### Work item:
All the entries need to be quoted exactly, apart from the pictures, which you should drop.

== Raw data

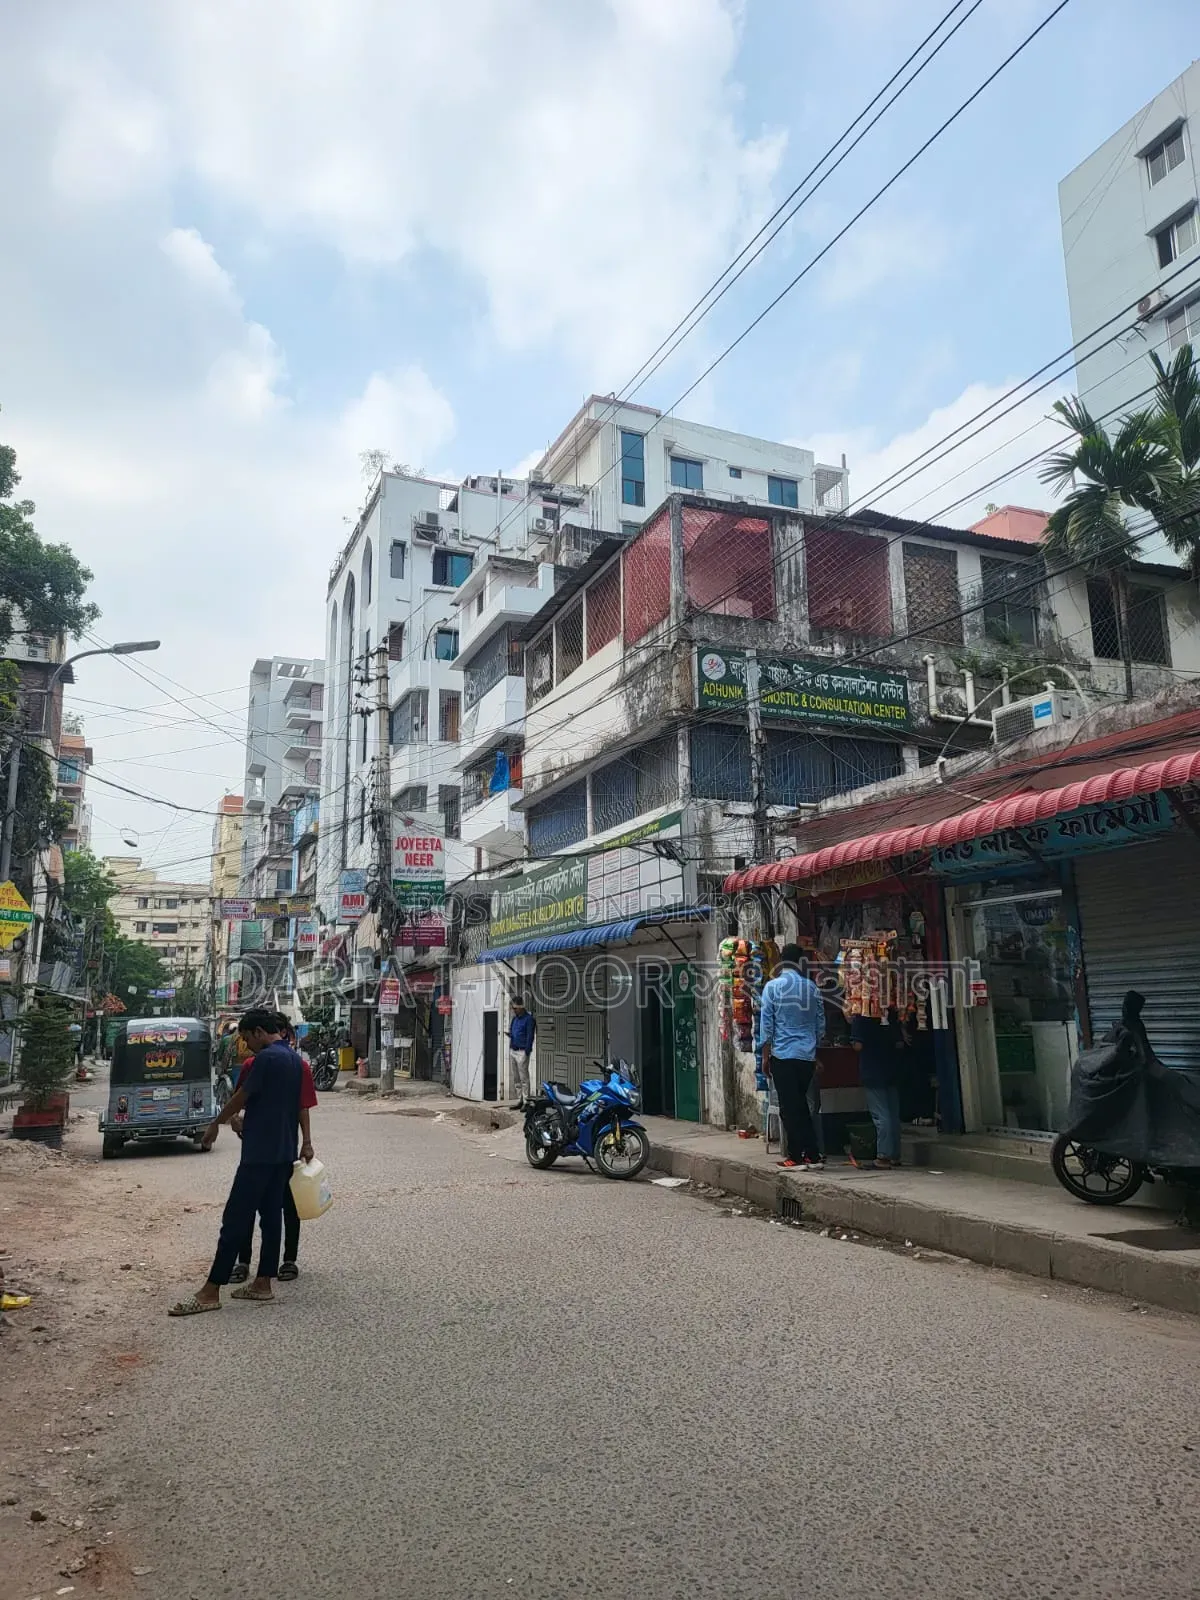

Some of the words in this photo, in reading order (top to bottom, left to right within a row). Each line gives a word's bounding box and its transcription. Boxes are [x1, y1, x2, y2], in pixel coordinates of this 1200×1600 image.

[880, 679, 904, 701] সেন্টার
[703, 682, 744, 699] ADHUNIK
[760, 690, 800, 707] GNOSTIC
[801, 694, 807, 708] &
[809, 695, 872, 715] CONSULTATION
[874, 703, 906, 720] CENTER
[395, 837, 443, 852] JOYEETA
[405, 853, 434, 867] NEER
[342, 894, 365, 906] AMI
[300, 933, 316, 943] AMI

====

### Written solution:
Some of the words in this photo, in reading order (top to bottom, left to right within a row). Each line gives a word's bounding box and its transcription. Boxes are [x1, y1, x2, y2], in pixel coordinates of this 1200×1600 image.

[880, 679, 904, 701] সেন্টার
[703, 682, 744, 699] ADHUNIK
[760, 690, 800, 707] GNOSTIC
[801, 694, 807, 708] &
[809, 695, 872, 715] CONSULTATION
[874, 703, 906, 720] CENTER
[395, 837, 443, 852] JOYEETA
[405, 853, 434, 867] NEER
[342, 894, 365, 906] AMI
[300, 933, 316, 943] AMI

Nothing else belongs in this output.